Exercise objective » Beginning with the line that contains "Some of the words", transcribe every line through the end of the entries exactly as written, and reproduce nothing else.

Saved data entries »
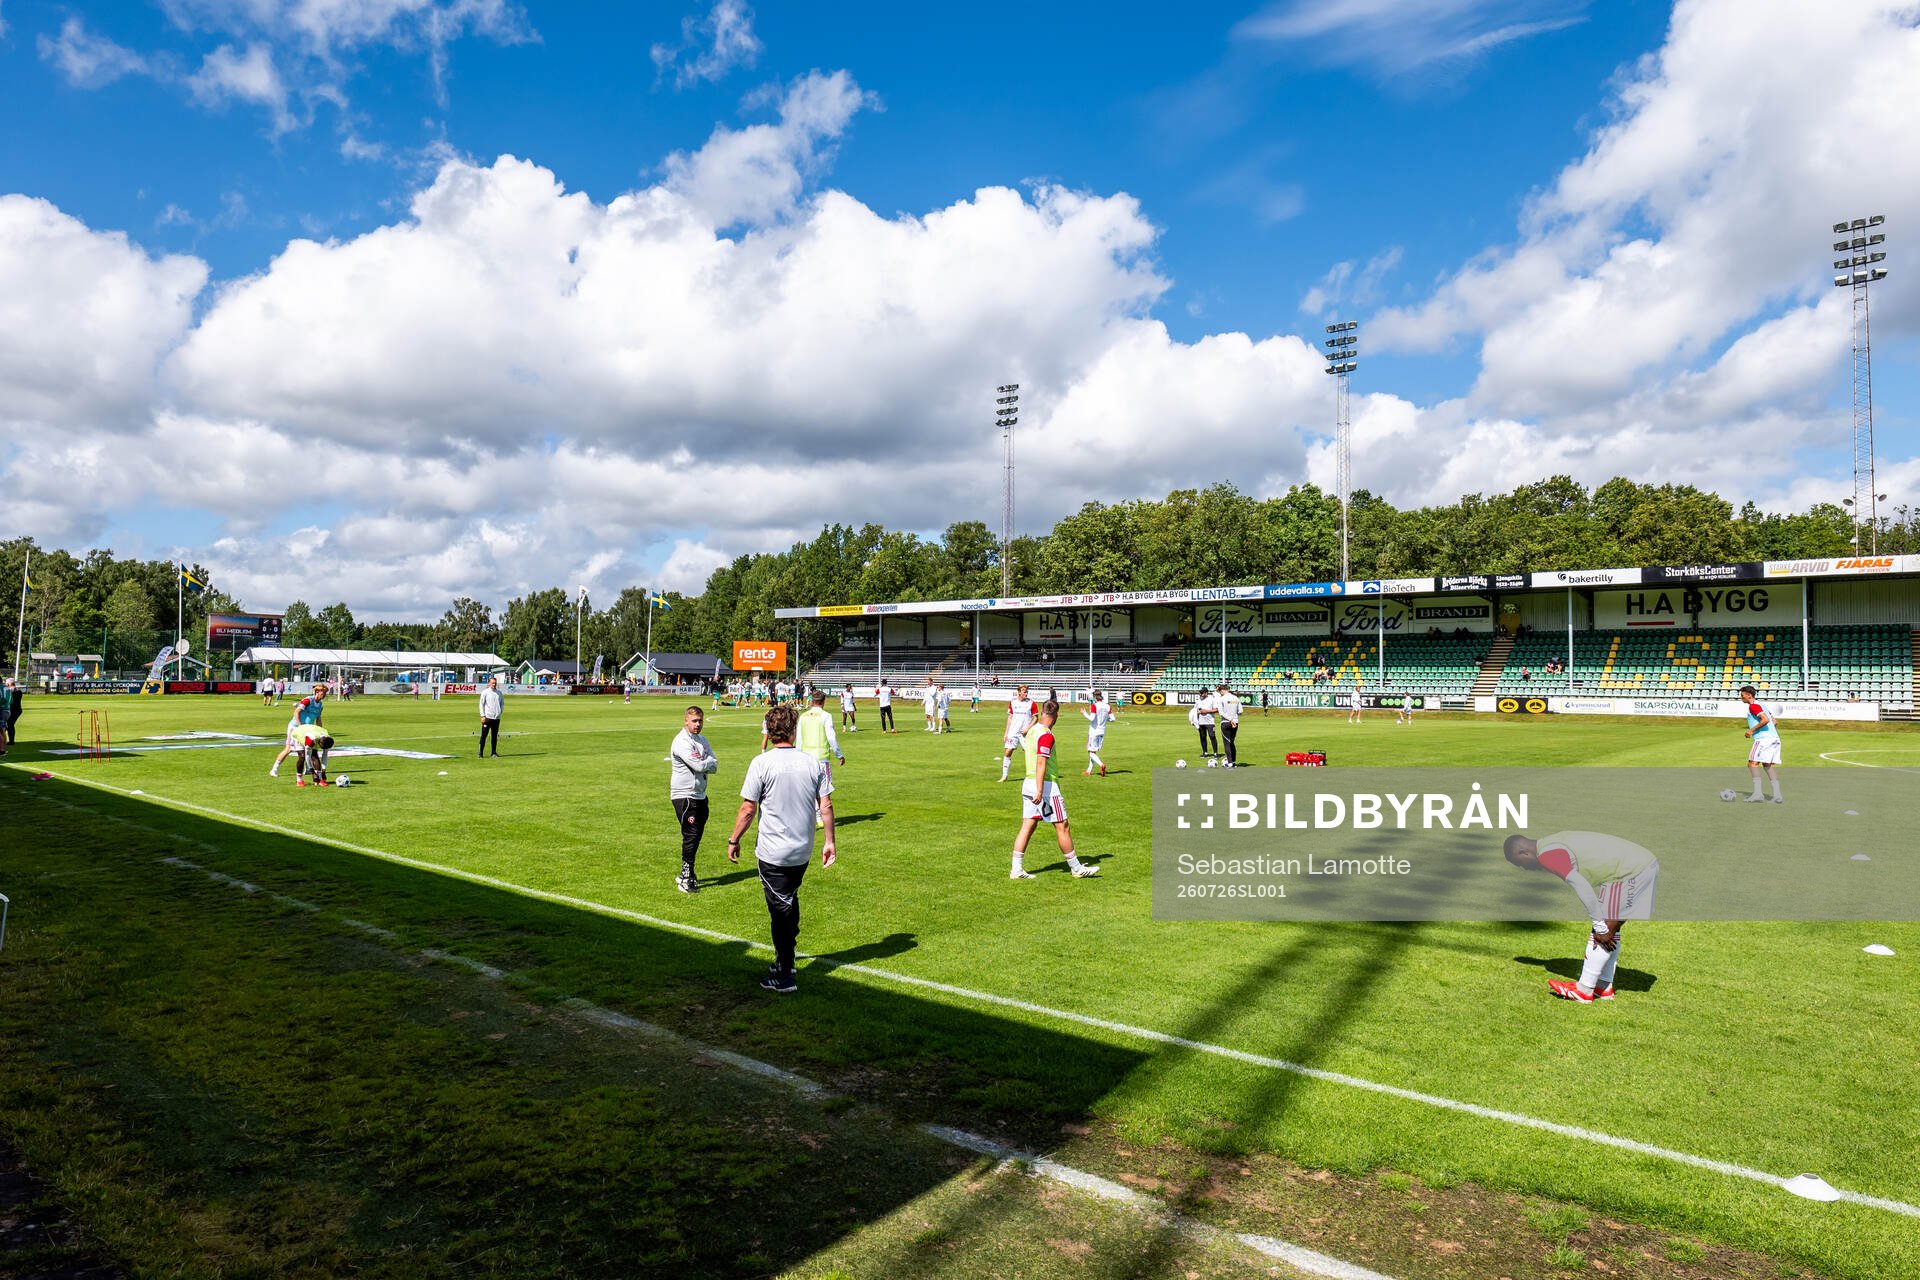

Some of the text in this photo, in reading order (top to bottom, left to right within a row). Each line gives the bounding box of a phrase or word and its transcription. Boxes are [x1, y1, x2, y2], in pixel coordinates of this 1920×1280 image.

[1791, 561, 1830, 573] ARVID
[1568, 573, 1613, 583] bakertilly
[1269, 586, 1324, 596] uddevalla.se
[1383, 584, 1415, 593] BioTech
[1135, 592, 1154, 600] BYGG
[1169, 590, 1189, 598] BYGG
[1191, 589, 1236, 600] LLENTAB
[1626, 589, 1769, 615] H.A BYGG
[1269, 612, 1325, 622] BRANDT
[1420, 607, 1486, 617] BRANDT
[1039, 612, 1112, 630] H.A BYGG
[1199, 609, 1255, 634] Ford
[1339, 604, 1404, 631] Ford
[739, 647, 776, 659] renta
[445, 683, 477, 693] EL-Vast
[1267, 695, 1318, 706] SUPERETTAN
[1335, 697, 1376, 706] UNET
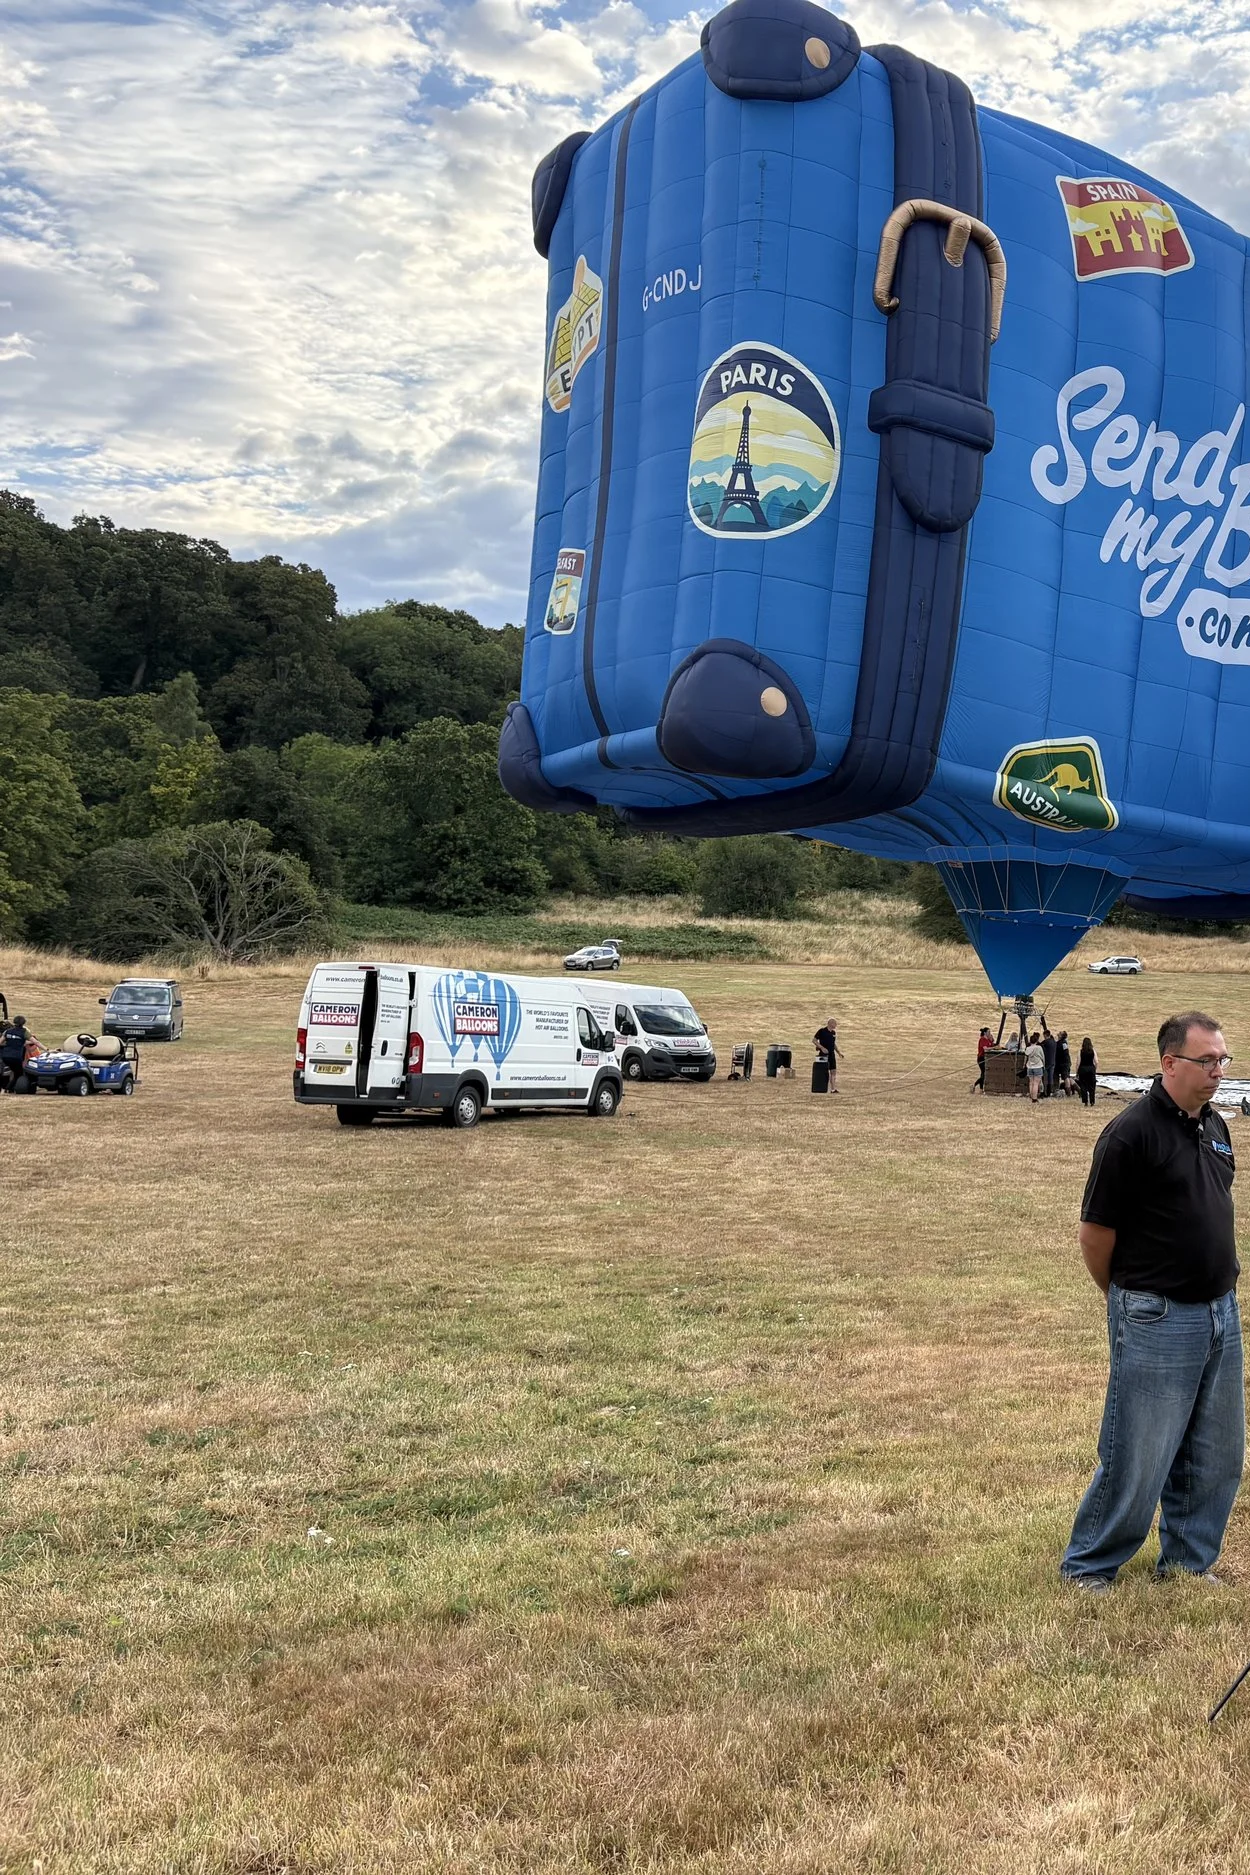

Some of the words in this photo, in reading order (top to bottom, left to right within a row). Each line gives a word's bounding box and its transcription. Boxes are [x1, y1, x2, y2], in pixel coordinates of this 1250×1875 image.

[1086, 183, 1139, 202] SPAIN
[642, 264, 702, 312] G-CNDJ
[720, 362, 796, 396] PARIS
[1030, 365, 1245, 507] Send
[1099, 498, 1214, 617] my
[1010, 781, 1079, 826] AUSTRA
[312, 1014, 357, 1024] BALLOONS
[313, 1005, 357, 1014] CAMERON
[456, 1004, 498, 1018] CAMERON
[456, 1019, 498, 1033] BALLOONS

Solution »
Some of the words in this photo, in reading order (top to bottom, left to right within a row). Each line gives a word's bounding box and its transcription. Boxes are [x1, y1, x2, y2], in pixel coordinates of this 1250×1875 image.

[1086, 183, 1139, 202] SPAIN
[642, 264, 702, 312] G-CNDJ
[720, 362, 796, 396] PARIS
[1030, 365, 1245, 507] Send
[1099, 498, 1214, 617] my
[1010, 781, 1079, 826] AUSTRA
[312, 1014, 357, 1024] BALLOONS
[313, 1005, 357, 1014] CAMERON
[456, 1004, 498, 1018] CAMERON
[456, 1019, 498, 1033] BALLOONS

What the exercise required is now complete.